August 29, 2008
NEW YORK (AP) -- A Georgia bank, Integrity Bank of Alpharetta,
has become the 10th U.S. bank to fail so far this year.
Regions Bank of Birmingham, Alabama, is assuming all of
Integrity Bank's 974 million dollars in insured and uninsured
deposits in 23,000 accounts, and about 34.4 million of the bank's
1.1 billion dollars in assets.
Integrity's five branches in Atlanta will open Tuesday after
Labor Day as Regions Bank branches.
The remainder of Integrity's assets are being retained by the
FDIC. The FDIC said it estimates that Integrity's failure will cost
its deposit insurance fund up to 350 million dollars.

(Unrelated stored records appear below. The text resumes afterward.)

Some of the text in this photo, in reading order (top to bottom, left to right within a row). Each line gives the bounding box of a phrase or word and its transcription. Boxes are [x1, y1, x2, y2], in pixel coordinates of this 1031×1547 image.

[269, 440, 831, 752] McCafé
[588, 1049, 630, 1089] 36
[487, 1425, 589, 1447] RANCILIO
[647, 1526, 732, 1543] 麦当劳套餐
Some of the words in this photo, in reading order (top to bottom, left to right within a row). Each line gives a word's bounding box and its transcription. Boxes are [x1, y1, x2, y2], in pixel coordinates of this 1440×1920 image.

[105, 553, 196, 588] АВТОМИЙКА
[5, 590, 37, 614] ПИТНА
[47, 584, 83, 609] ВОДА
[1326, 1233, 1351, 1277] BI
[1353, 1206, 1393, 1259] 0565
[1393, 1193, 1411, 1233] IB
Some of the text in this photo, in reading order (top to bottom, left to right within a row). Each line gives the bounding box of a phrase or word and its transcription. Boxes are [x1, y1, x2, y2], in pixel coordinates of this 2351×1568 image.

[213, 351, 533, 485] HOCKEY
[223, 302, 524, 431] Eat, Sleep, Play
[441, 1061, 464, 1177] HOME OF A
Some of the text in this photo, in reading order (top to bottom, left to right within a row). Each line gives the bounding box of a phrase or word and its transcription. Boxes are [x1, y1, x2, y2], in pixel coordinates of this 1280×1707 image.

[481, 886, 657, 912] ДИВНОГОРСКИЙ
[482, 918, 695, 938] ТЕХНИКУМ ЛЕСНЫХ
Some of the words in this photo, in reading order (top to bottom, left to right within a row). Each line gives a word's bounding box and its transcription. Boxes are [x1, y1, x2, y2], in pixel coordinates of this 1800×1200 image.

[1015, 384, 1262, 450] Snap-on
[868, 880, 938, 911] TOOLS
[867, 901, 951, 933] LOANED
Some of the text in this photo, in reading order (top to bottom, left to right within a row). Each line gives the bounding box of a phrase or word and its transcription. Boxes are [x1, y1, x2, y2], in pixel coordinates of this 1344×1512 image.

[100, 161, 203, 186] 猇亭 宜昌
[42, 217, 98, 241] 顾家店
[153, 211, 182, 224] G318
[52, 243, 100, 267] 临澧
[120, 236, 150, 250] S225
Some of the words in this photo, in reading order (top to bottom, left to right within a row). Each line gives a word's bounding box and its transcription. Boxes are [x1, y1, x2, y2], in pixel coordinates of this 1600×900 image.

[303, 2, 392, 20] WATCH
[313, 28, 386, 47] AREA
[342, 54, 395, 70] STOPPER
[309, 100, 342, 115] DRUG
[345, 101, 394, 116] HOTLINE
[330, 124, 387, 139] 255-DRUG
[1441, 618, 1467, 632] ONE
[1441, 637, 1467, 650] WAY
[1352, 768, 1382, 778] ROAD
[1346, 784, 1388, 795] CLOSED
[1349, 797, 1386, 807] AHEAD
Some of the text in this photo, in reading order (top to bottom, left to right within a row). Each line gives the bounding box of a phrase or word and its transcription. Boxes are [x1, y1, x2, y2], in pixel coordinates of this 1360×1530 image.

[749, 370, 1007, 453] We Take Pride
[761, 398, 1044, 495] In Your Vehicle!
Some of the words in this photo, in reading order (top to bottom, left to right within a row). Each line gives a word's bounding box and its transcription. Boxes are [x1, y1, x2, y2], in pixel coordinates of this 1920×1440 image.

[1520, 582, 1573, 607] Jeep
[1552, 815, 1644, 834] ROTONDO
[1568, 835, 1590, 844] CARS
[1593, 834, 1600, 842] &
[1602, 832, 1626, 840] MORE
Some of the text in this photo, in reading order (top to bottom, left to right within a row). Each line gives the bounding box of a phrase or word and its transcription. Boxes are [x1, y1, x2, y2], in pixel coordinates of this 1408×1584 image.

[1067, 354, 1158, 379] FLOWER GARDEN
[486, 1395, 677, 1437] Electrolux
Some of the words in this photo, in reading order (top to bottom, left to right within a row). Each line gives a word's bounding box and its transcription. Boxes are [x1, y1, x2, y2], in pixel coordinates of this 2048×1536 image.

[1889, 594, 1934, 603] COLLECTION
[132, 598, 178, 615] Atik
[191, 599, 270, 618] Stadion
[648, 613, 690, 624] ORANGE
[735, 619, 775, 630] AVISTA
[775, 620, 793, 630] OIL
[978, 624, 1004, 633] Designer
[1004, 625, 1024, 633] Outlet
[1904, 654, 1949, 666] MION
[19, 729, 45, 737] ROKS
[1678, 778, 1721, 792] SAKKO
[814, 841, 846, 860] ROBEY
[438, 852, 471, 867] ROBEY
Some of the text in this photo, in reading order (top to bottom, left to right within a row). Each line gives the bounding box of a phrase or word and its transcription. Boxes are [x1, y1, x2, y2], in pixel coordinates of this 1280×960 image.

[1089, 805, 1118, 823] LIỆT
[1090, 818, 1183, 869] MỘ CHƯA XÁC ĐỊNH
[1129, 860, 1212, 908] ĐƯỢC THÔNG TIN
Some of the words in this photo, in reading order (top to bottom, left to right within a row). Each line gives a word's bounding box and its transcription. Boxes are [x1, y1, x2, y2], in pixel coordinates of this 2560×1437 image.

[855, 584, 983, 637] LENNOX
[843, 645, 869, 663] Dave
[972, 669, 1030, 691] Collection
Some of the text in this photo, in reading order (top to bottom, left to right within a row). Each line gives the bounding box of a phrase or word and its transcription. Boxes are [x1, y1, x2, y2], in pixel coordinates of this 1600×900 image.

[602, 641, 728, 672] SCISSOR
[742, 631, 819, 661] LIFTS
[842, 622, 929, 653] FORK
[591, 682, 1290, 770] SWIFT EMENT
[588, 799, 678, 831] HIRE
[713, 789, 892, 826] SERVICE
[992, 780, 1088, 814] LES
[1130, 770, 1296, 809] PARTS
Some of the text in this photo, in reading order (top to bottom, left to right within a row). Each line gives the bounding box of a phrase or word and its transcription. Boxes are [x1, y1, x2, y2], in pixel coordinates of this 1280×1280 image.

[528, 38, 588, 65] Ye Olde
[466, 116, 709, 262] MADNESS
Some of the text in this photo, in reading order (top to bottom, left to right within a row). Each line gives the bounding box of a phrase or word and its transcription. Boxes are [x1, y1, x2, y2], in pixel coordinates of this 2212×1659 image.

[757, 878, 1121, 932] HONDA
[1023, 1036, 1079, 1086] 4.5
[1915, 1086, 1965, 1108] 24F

Integrity Bank, which opened for business in November of 2000,
specialized in real-estate lending in the Atlanta area with a
self-described "faith-based culture." While the housing market
was booming, Integrity Bank grew into a billion-dollar, publicly
traded company. When the real estate market started faltering, the
bank found itself in trouble.
The bank fired its chief executive last August and voluntarily
delisted from the Nasdaq Global Market in March of this year. The
Nasdaq had been threatening to delist the company for failing to
comply with reporting standards.
FDIC spokesman Rickey McCullough says the bank failed due to its
aggressive pursuit of construction loans, coupled with falling real
estate values and "inadequate risk management."